__Your task__. The expected output is the full data, repeated exactly, without pictures.

__Material for the task__.

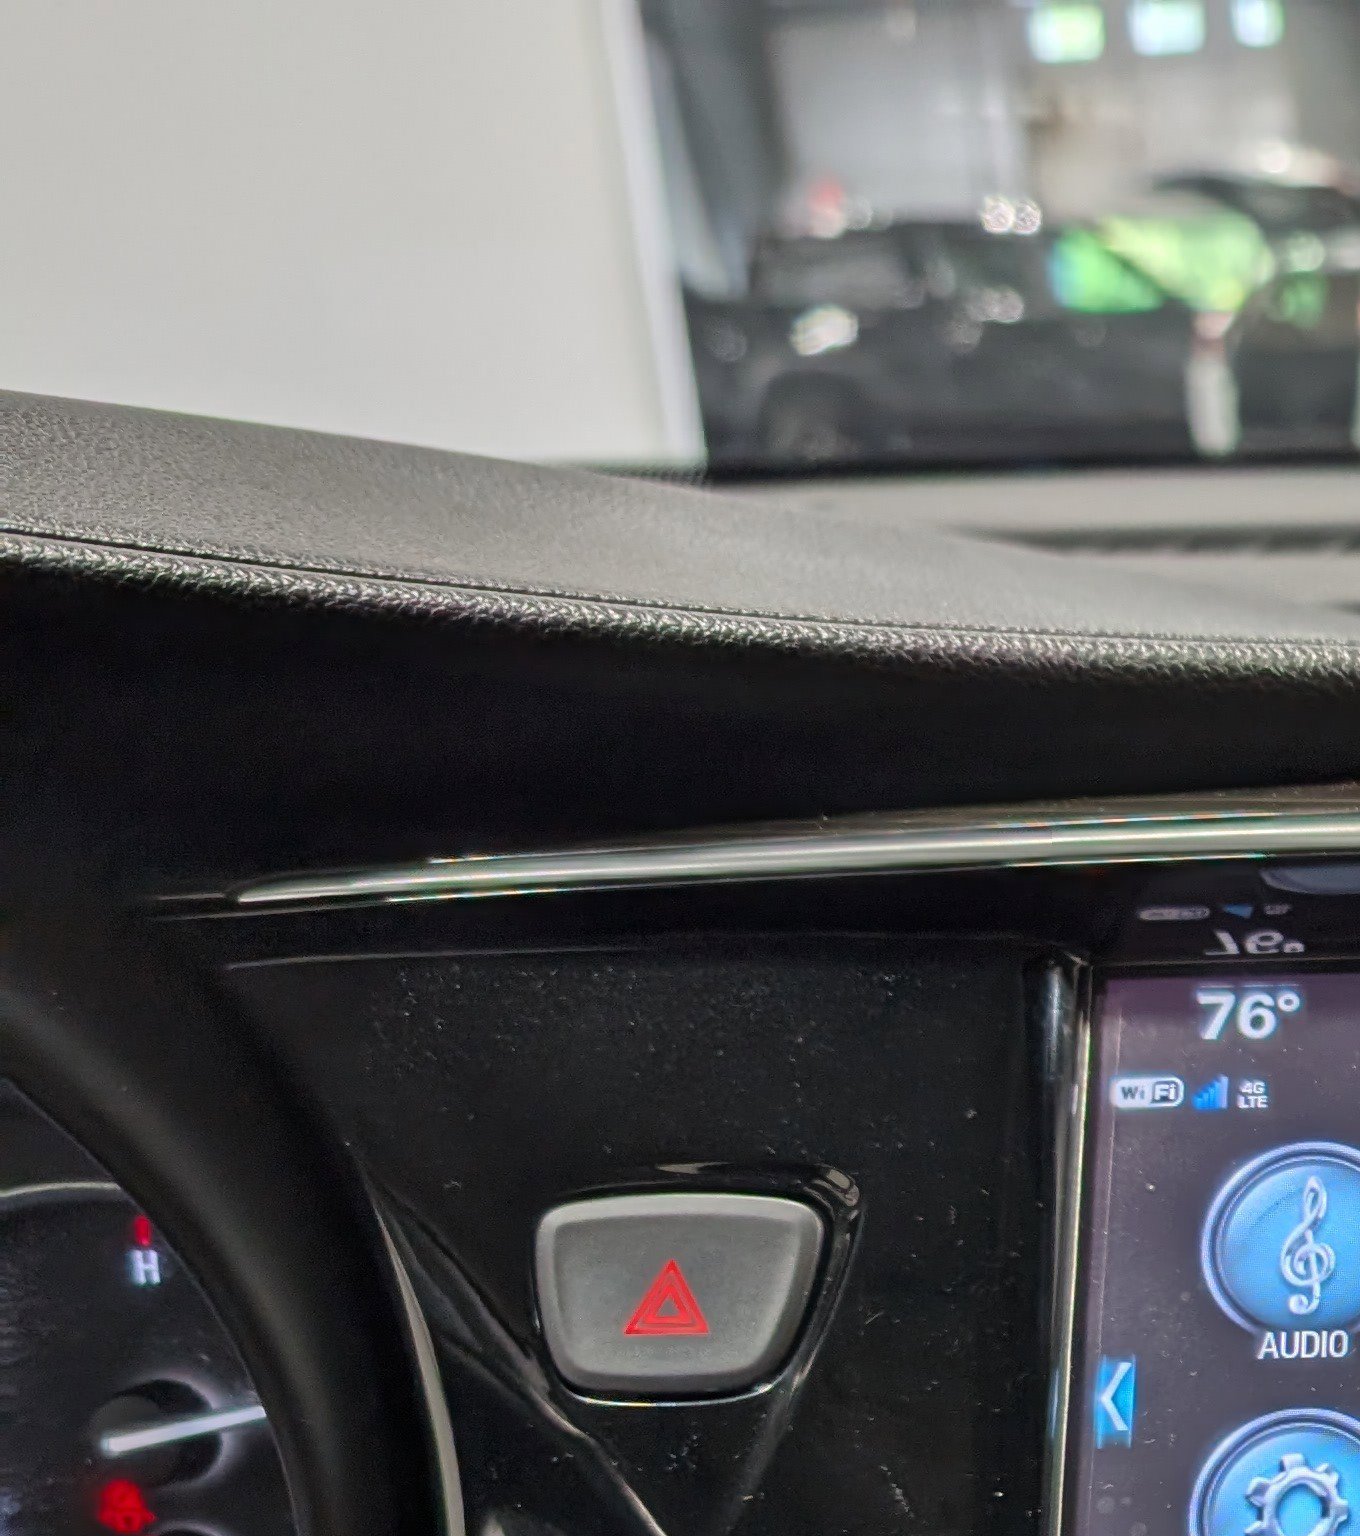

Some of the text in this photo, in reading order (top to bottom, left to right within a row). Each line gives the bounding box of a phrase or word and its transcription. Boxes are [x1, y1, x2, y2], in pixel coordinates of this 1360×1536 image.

[1196, 991, 1301, 1040] 76°
[1237, 1095, 1269, 1109] LTE
[1240, 1081, 1265, 1094] 4G
[130, 1249, 162, 1285] H
[1256, 1329, 1349, 1359] AUDIO

__Task answer__.
Some of the text in this photo, in reading order (top to bottom, left to right within a row). Each line gives the bounding box of a phrase or word and its transcription. Boxes are [x1, y1, x2, y2], in pixel coordinates of this 1360×1536 image.

[1196, 991, 1301, 1040] 76°
[1237, 1095, 1269, 1109] LTE
[1240, 1081, 1265, 1094] 4G
[130, 1249, 162, 1285] H
[1256, 1329, 1349, 1359] AUDIO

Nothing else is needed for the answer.